Ah, la fameuse « prime » versée aux salariés… On peut lui reprocher bien des choses. Sa soudaineté, l’absence de concertation, les modalités retenues, son coût… Elle a cependant un grand mérite, celui de nous rappeler la condition de bien des managers : pris en tenaille entre les actionnaires et les salariés. Sous pression permanente.
J’observais ces dernières semaines les péripéties du groupe Carrefour. Ecartelé entre les investisseurs qui réclament un virage stratégique… pourtant sanctionné en Bourse, et des salariés en plein conflit social, les dirigeants sont condamnés au grand écart. A t-on encore l’esprit lucide dans ces conditions ?

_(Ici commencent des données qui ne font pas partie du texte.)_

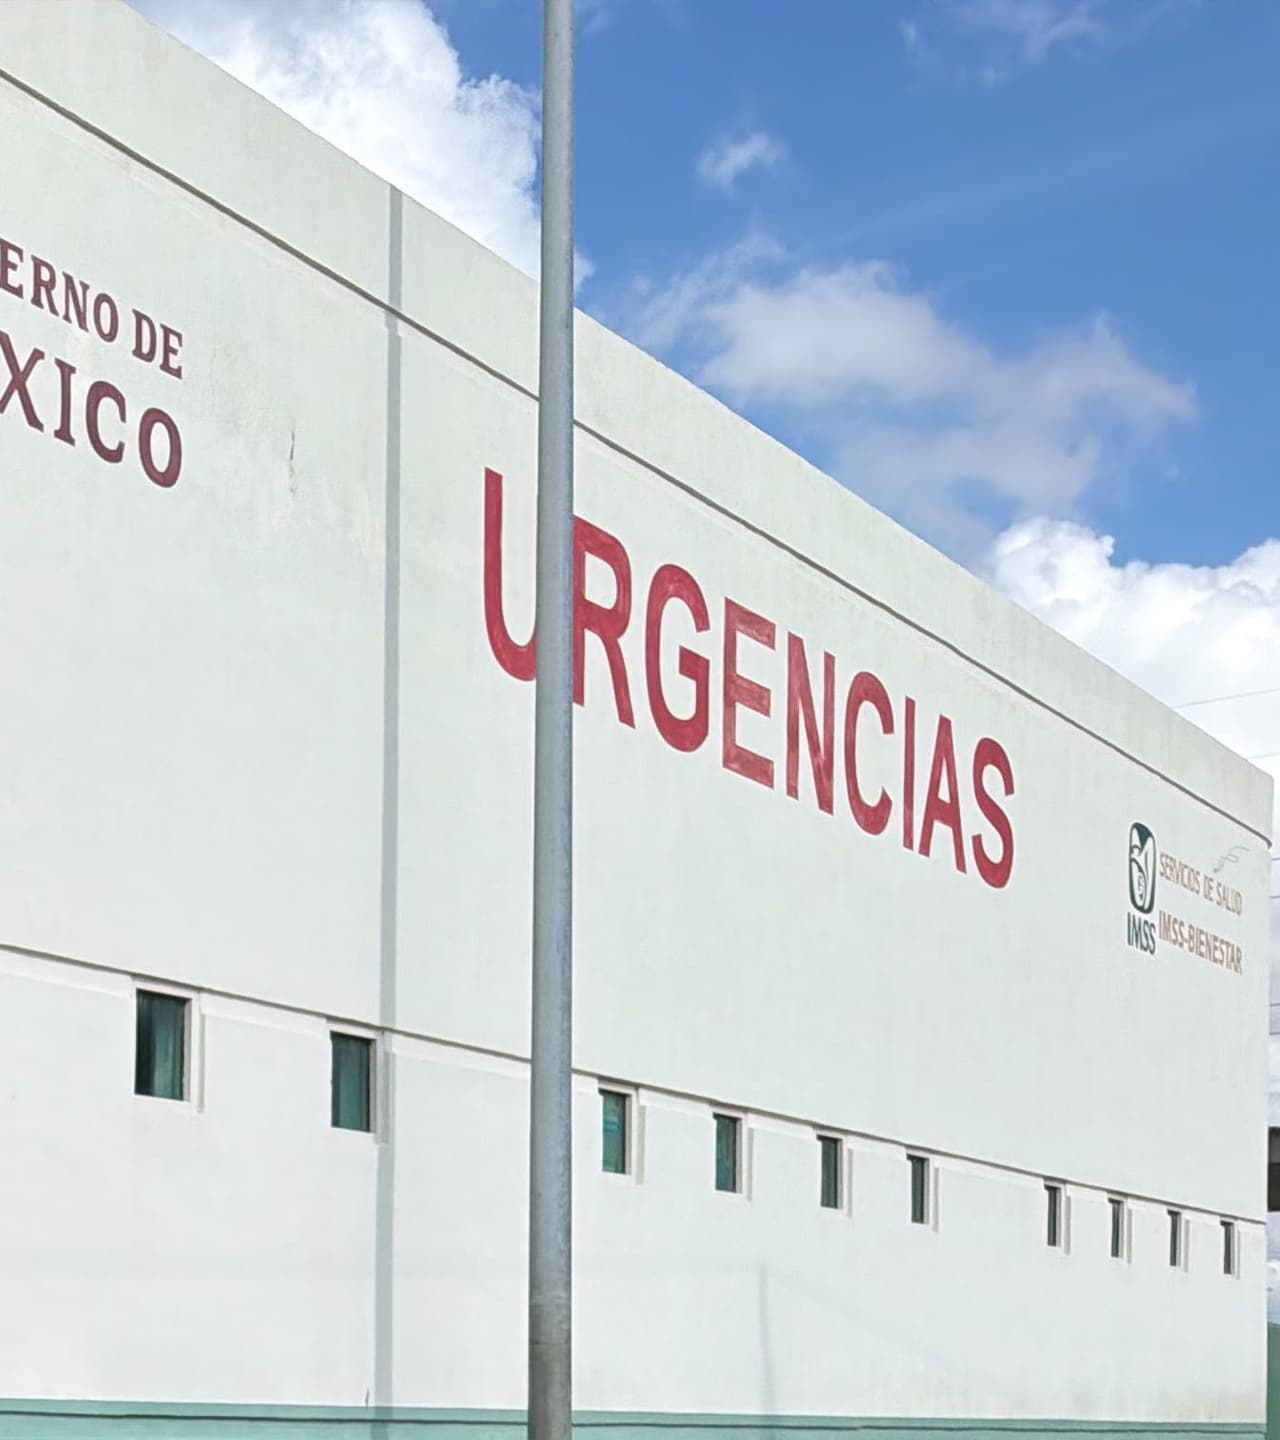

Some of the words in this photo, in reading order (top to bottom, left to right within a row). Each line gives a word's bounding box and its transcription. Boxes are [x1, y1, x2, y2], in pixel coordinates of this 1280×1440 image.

[132, 309, 183, 379] DE
[484, 466, 1015, 890] URGENCIAS
[1159, 851, 1200, 896] SERVICIOS
[1203, 874, 1214, 902] DE
[1216, 880, 1242, 916] SALUD
[1127, 911, 1156, 955] IMSS
[1158, 909, 1242, 974] IMSS-BIENESTAR

Beaucoup de nos managers, dans des entreprises de taille bien moindre, connaissent eux aussi ces grands moments de solitude. A servir de « go between », de modérateur, on a vite fait de perdre pied, voire de « diriger » avec la peur au ventre.

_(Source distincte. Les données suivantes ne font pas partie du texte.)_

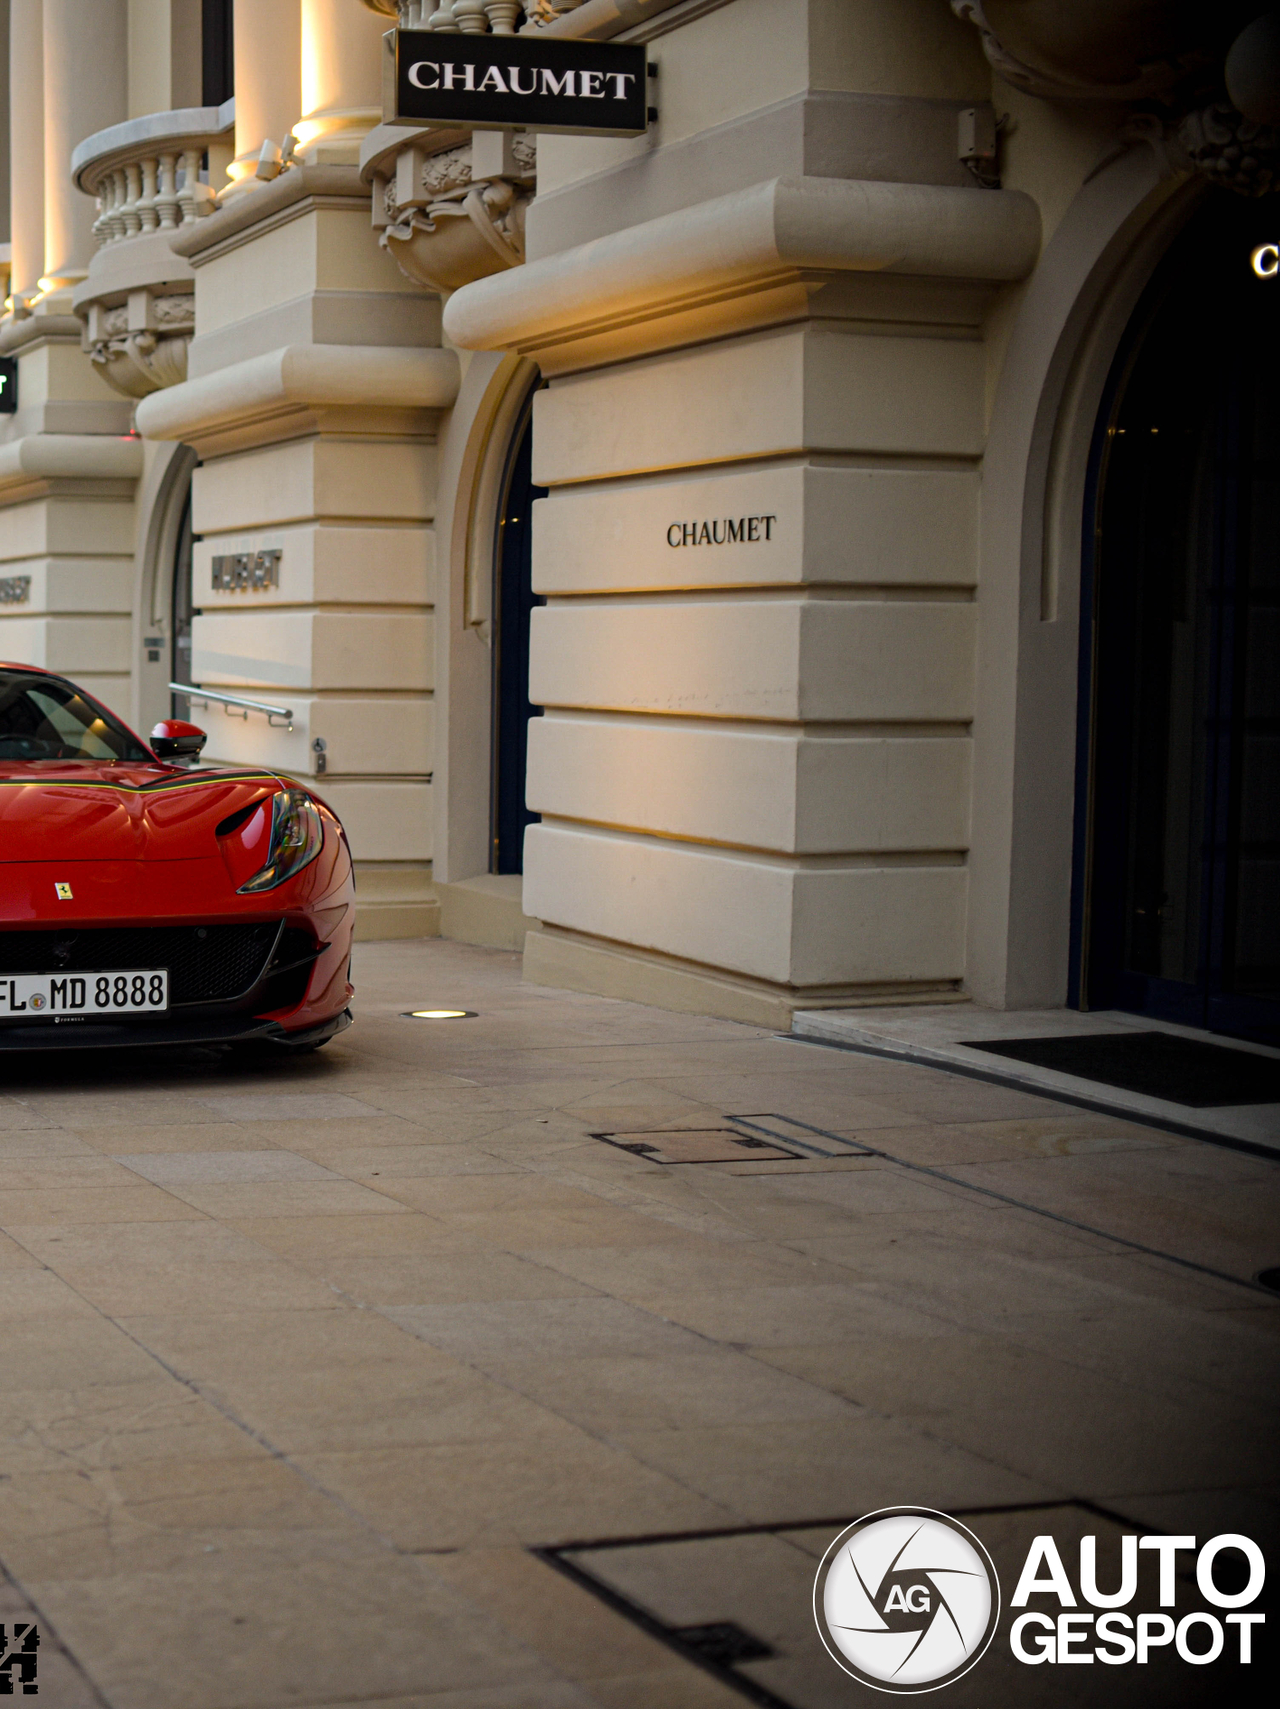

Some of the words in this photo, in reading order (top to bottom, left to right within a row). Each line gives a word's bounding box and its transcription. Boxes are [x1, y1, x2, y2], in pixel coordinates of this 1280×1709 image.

Le vrai message de ce nouveau débat mal ficelé ne serait-il pas : comment réconcilier actionnaires et salariés ? Quel dispositif mettre en place pour que le profit ne soit plus considéré comme suspect, mais comme positif pour tous ?
« Salariés, fonds d’investissement, même combat »… voilà une banderole que nous ne sommes pas prêts de voir. Il n’empêche : en recréant chez les salariés un sentiment d’appartenance à l’entreprise et d’appropriation de ses richesses, le manager retrouverait de la cohérence dans son discours, une certaine sérénité… et du temps pour construire les succès de demain.